* Exercise brief
Your answer must be the data repeated exactly, with no pictures in it.

* Given entries
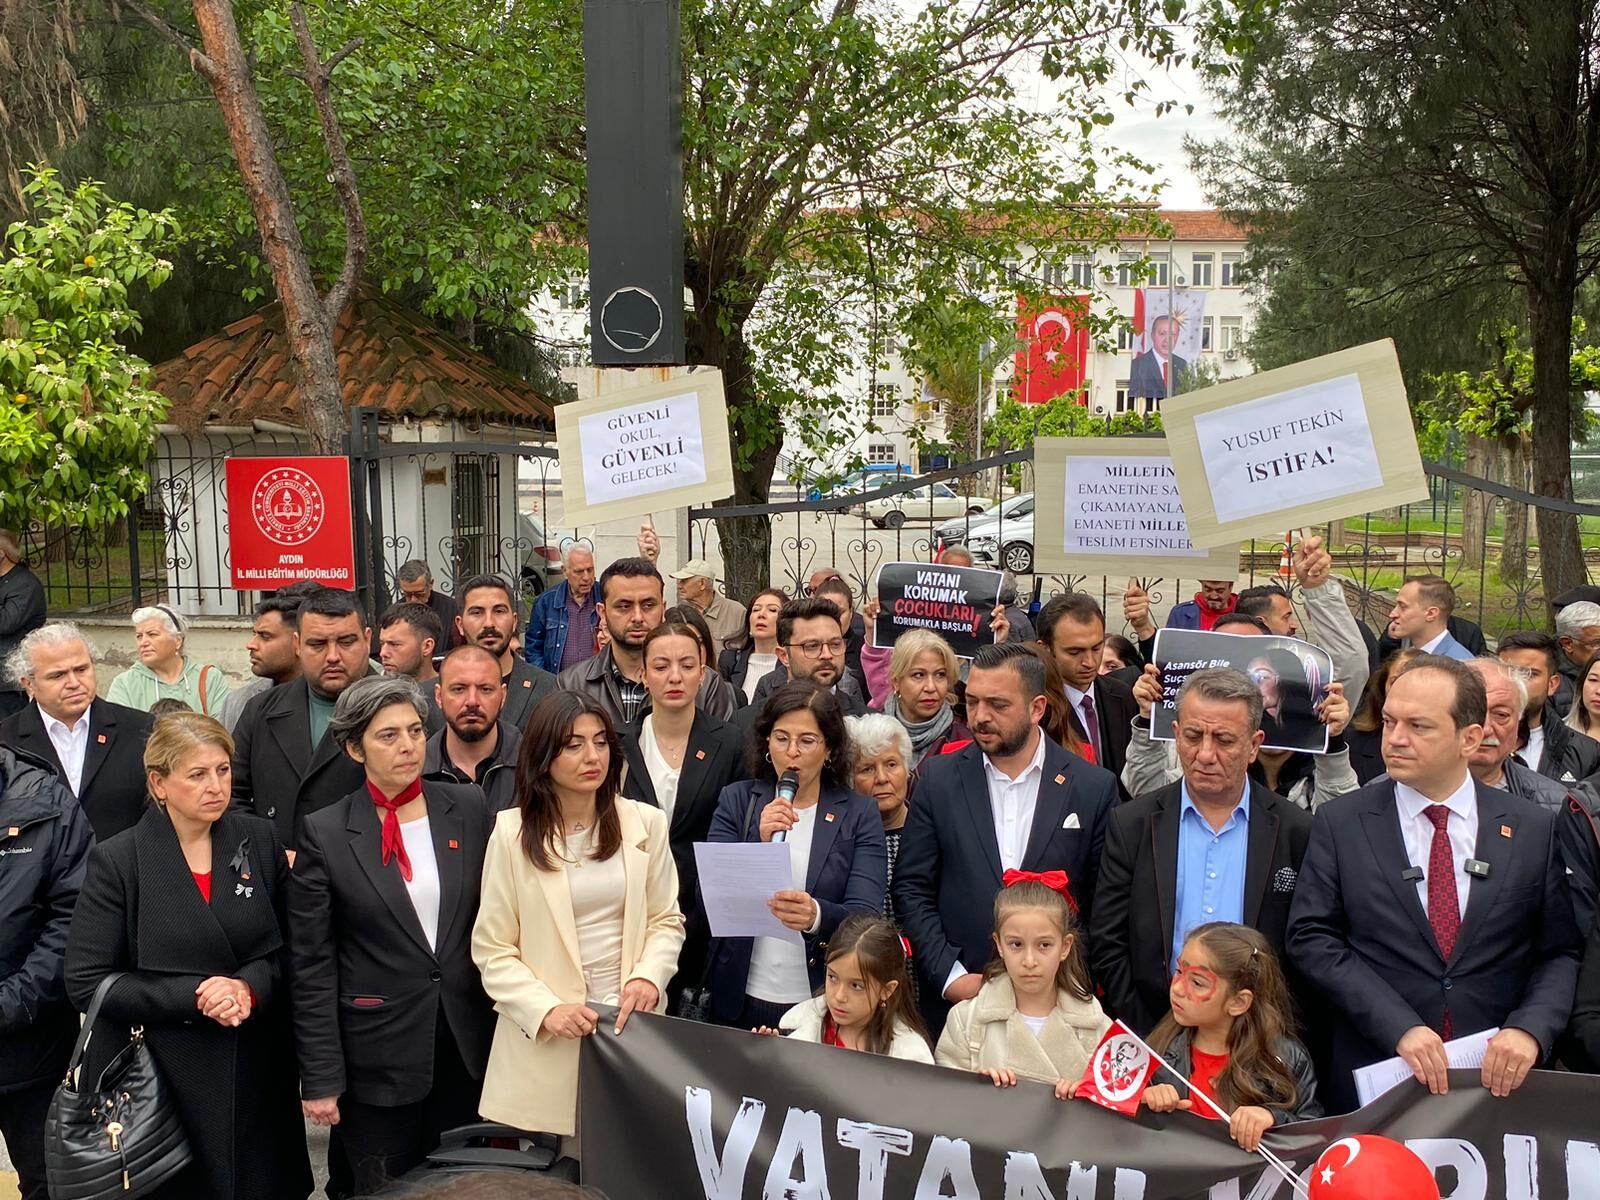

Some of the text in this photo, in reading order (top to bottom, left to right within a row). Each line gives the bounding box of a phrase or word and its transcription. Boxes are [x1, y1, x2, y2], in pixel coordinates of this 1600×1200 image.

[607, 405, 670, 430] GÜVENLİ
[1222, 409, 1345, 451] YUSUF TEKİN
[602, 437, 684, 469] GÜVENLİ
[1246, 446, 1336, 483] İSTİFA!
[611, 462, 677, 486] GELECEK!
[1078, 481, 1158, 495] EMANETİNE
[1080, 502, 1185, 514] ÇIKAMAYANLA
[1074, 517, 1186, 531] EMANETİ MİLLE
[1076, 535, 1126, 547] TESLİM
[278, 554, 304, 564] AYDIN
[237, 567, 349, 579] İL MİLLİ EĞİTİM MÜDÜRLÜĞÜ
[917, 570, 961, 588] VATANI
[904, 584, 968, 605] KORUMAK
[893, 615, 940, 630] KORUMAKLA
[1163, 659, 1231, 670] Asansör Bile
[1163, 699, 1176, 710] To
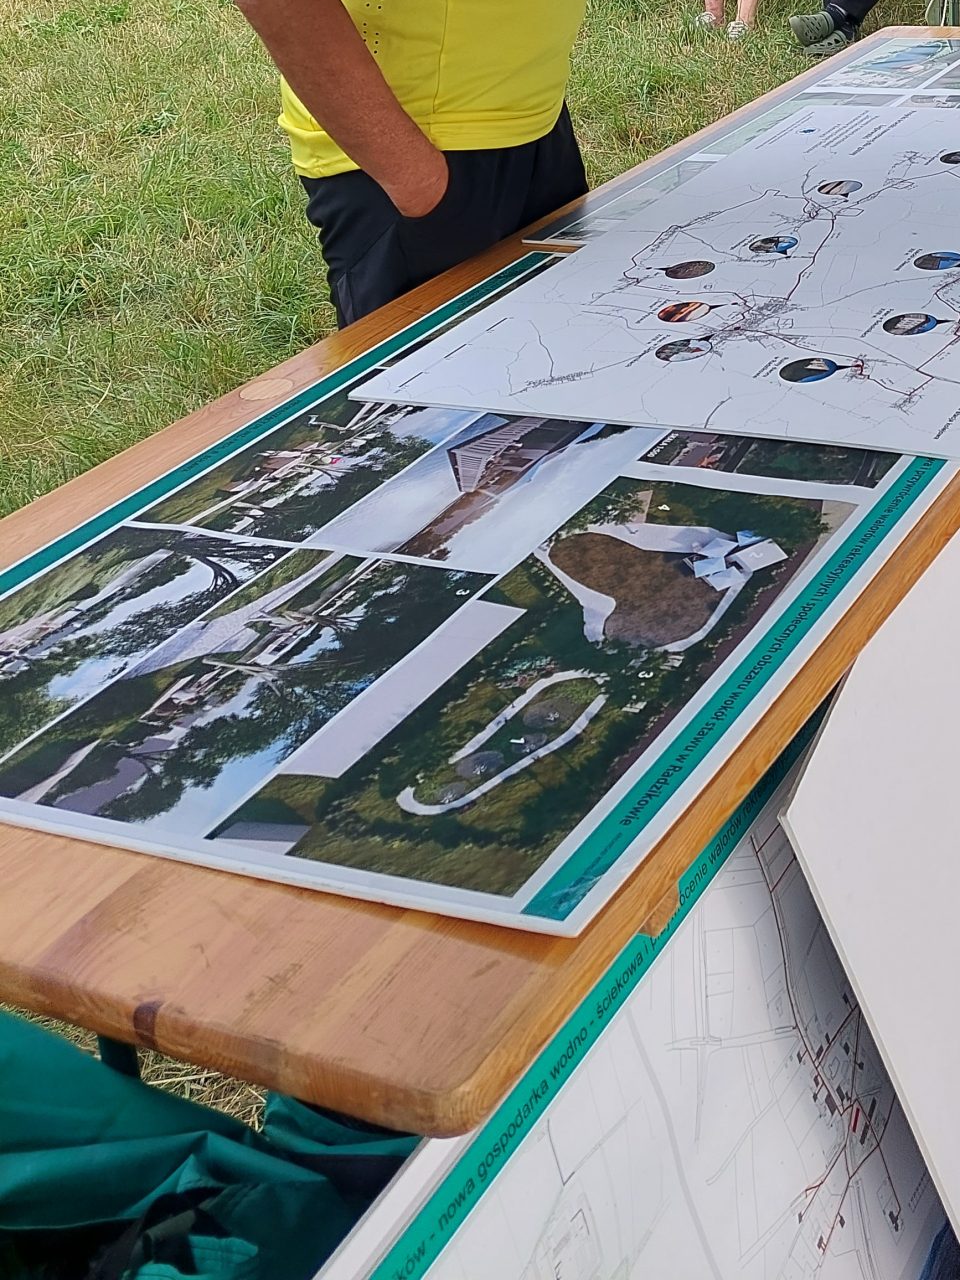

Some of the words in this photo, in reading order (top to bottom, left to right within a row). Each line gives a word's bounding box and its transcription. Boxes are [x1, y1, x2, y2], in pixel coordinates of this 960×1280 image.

* Problem solution
Some of the text in this photo, in reading order (top to bottom, left to right within a row). Each line gives the bounding box of a phrase or word and its transcription. Boxes are [x1, y1, x2, y2], in pixel coordinates of this 1600×1200 image.

[607, 405, 670, 430] GÜVENLİ
[1222, 409, 1345, 451] YUSUF TEKİN
[602, 437, 684, 469] GÜVENLİ
[1246, 446, 1336, 483] İSTİFA!
[611, 462, 677, 486] GELECEK!
[1078, 481, 1158, 495] EMANETİNE
[1080, 502, 1185, 514] ÇIKAMAYANLA
[1074, 517, 1186, 531] EMANETİ MİLLE
[1076, 535, 1126, 547] TESLİM
[278, 554, 304, 564] AYDIN
[237, 567, 349, 579] İL MİLLİ EĞİTİM MÜDÜRLÜĞÜ
[917, 570, 961, 588] VATANI
[904, 584, 968, 605] KORUMAK
[893, 615, 940, 630] KORUMAKLA
[1163, 659, 1231, 670] Asansör Bile
[1163, 699, 1176, 710] To

Some of the words in this photo, in reading order (top to bottom, left to right within a row). Each line gives a word's bounding box and its transcription. Boxes are [x1, y1, x2, y2], in pixel coordinates of this 960×1280 image.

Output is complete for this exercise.